Conference promotes Valdez as site for LNG export terminal
The liquefied natural gas conference in Valdez, Alaska, was all about touting the benefits and attractions of building an LNG export terminal at the port city for shipping Alaska North Slope gas to Asia. But several speakers acknowledged the problems in getting anything built anywhere in Alaska to move natural gas to market.
"There is a great division among communities," Alaska U.S. Rep. Don Young told the audience via video link from his congressional office in Washington, D.C. Alaska municipalities need to get together on a single LNG project, rather than battle for the role of host city, Young said.
Alaskans need to figure out how to get it done without dividing the state, he told the 120-plus attendees at the Sept. 13-14 Alaska LNG Summit 2012 sponsored by the Alaska Gasline Port Authority. The authority, comprised of the city of Valdez and the Fairbanks North Star Borough, has been pushing since 1999 for a large-volume North Slope gas pipeline leading to an LNG export terminal in Valdez and against other proposed Alaska gas projects.
One option currently under consideration — building a smaller pipeline from the North Slope to Southcentral Alaska to feed an LNG plant on the Kenai Peninsula — is worse than doing nothing, said Craig Richards, an Anchorage attorney who shares a practice with Alaska Gasline Port Authority general counsel Bill Walker.

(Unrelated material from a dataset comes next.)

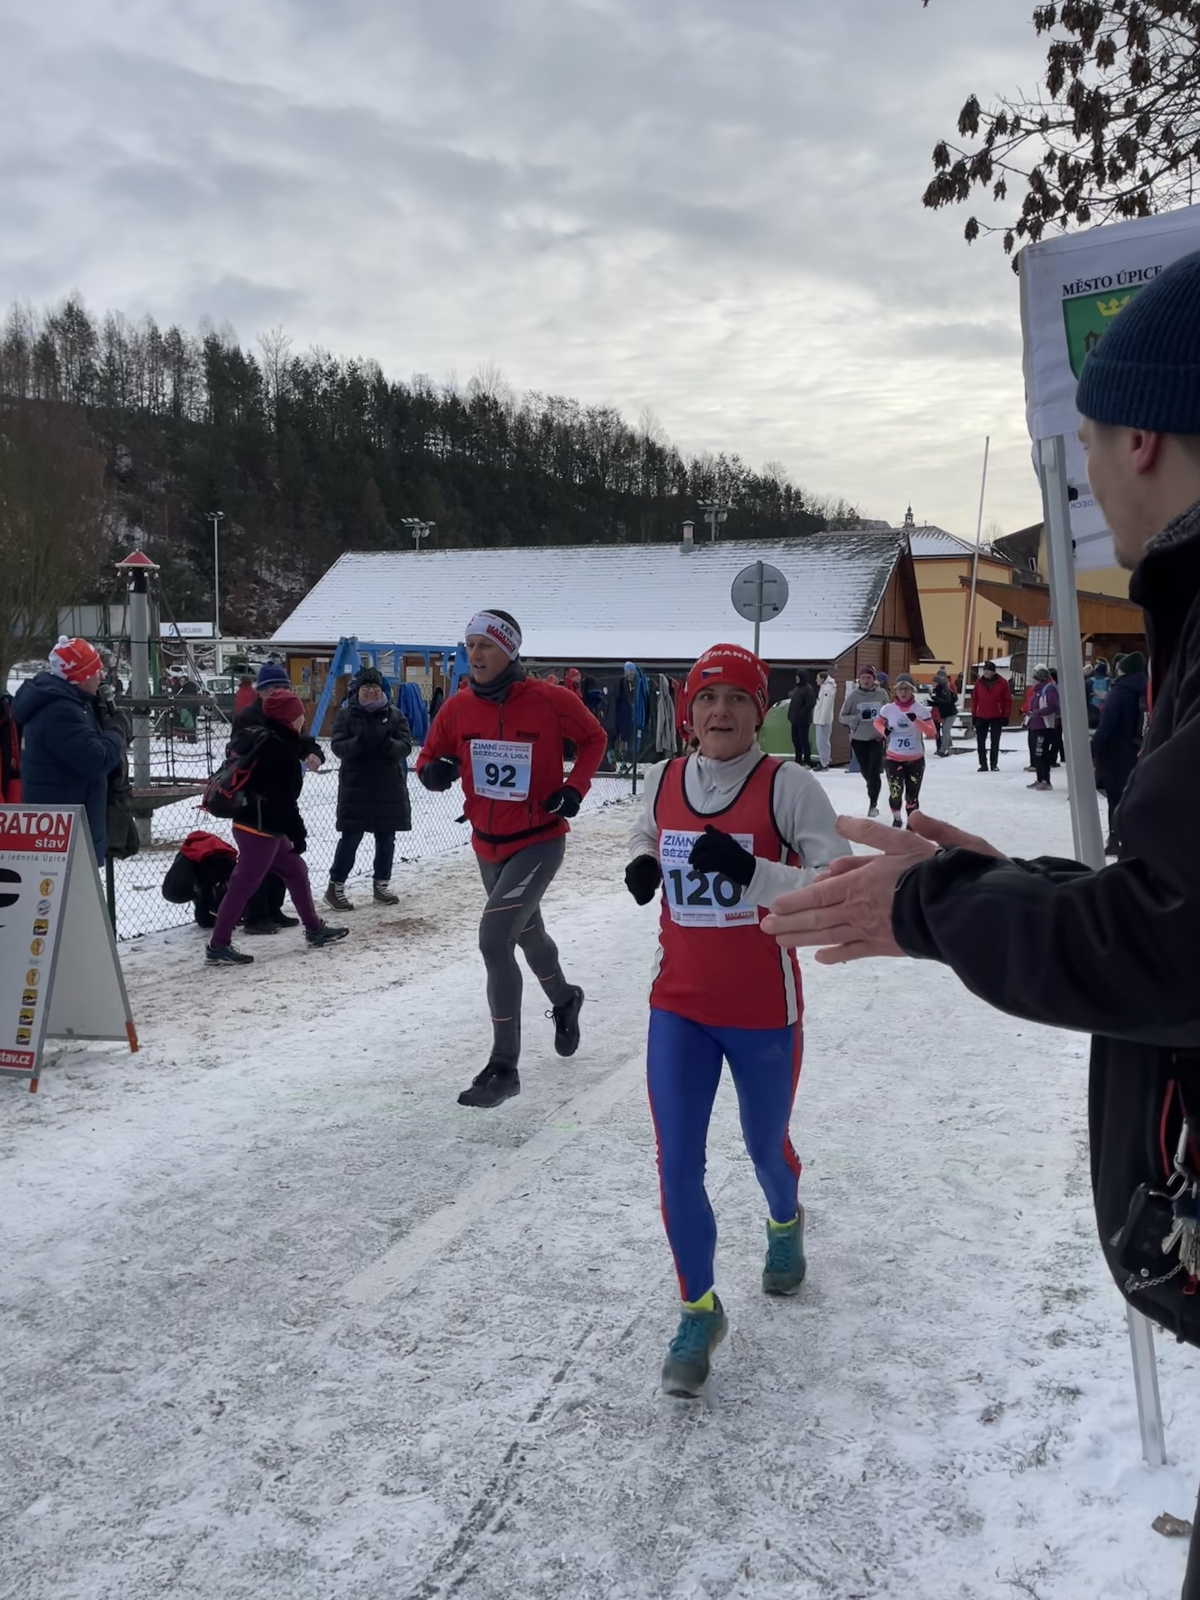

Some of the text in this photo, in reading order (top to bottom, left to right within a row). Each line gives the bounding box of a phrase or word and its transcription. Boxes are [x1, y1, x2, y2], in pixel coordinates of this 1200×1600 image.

This so-called bullet line, promoted by many Alaska legislators including House Speaker Mike Chenault, a Kenai Peninsula Republican, would prevent a bigger pipeline from getting built for a decade, Richards said.
In addition to pushing for a bigger line to Valdez over the Kenai Peninsula, Richards is no fan of the major North Slope producers owning the pipeline and LNG terminal. The companies are looking at the economic feasibility of a. (They have not announced any list of potential LNG terminal sites.)
Led by pipeline company TransCanada Corp., the effort earlier this month solicited non-binding expressions of interest from potential shippers. Though TransCanada did not announce the results of that solicitation,"major players" submitted responses. North Slope producers ExxonMobil, BP and ConocoPhillips are working with TransCanada to consider the feasibility of an Alaska LNG project for sending gas to Asia.
"Take control away from the producers" is the best option, Richards said, calling for the state to take the lead on a Valdez project. His partner, Walker, delivered the same message, arguing for the state to build and own the pipeline and liquefaction terminal. The Walker and Richards firm also serves as city attorney for Valdez.
Construction of a North Slope gas treatment plant, an 800-mile pipeline to Valdez and liquefaction and shipping terminal has been estimated at roughly $40 billion. All of the Valdez conference speakers agreed that long-term gas sales contracts would be needed to finance the project, much like those Cheniere Energy obtained to underpin financing of its LNG export terminal planned for Sabine Pass, La., and scheduled to open in 2015.
Putting together an LNG export project is not easy, said Bob Gibb of Navigant Consulting's energy practice, based in Austin, Texas. In addition to massive capital costs, a project needs 20-year sales contracts with gas buyers and the developer has to deal with the significant risks of unpredictable market demand and intense competition from other LNG suppliers.
The only state government official on the two-day agenda in Valdez reminded the audience that the producers are expected to provide an update on their LNG review by the end of September. More project information will follow next year as the companies work through the design, routing, environmental and commercial issues for the mega-project. Meanwhile, "Let's take the game to the rest of the world and see if an opportunity at tidewater exists," said Kurt Gibson, director of the Alaska Gas Pipeline Project Office.
"We're competing in a global market," Alaska U.S. Sen. Lisa Murkowski said in an audio hook-up from Washington.
True, but time is tight, said Radoslav Shipkoff, director of Greengate LLC, a Washington, D.C.-based adviser that specializes in project debt financing. "This window of opportunity is not going to last forever," he said.
"The biggest impediment for Valdez to go forward is political," said Octavio Simoes, president of Sempra LNG in San Diego, a longtime supporter of the Valdez project.
The state could continue with its current path under the Alaska Gasline Inducement Act, he said. That has TransCanada leading the state-subsidized effort. Or, as a "different structure," Simoes said, the project could take place outside of the 2008 AGIA deal and, in its place, the state could "create a consortium of creditworthy Pacific Basin gas buyers to permit, finance, build and operate the facilities." He advocated that whatever the state chooses, it would be best to find a way to bring all interested parties together.
Sempra in 2004 signed a non-binding development agreement with the port authority and contributed several million dollars to jointly consider and promote the Valdez LNG project. The company ended its relationship in 2005, blaming "protracted political wrestling within the state" among the reasons for its departure.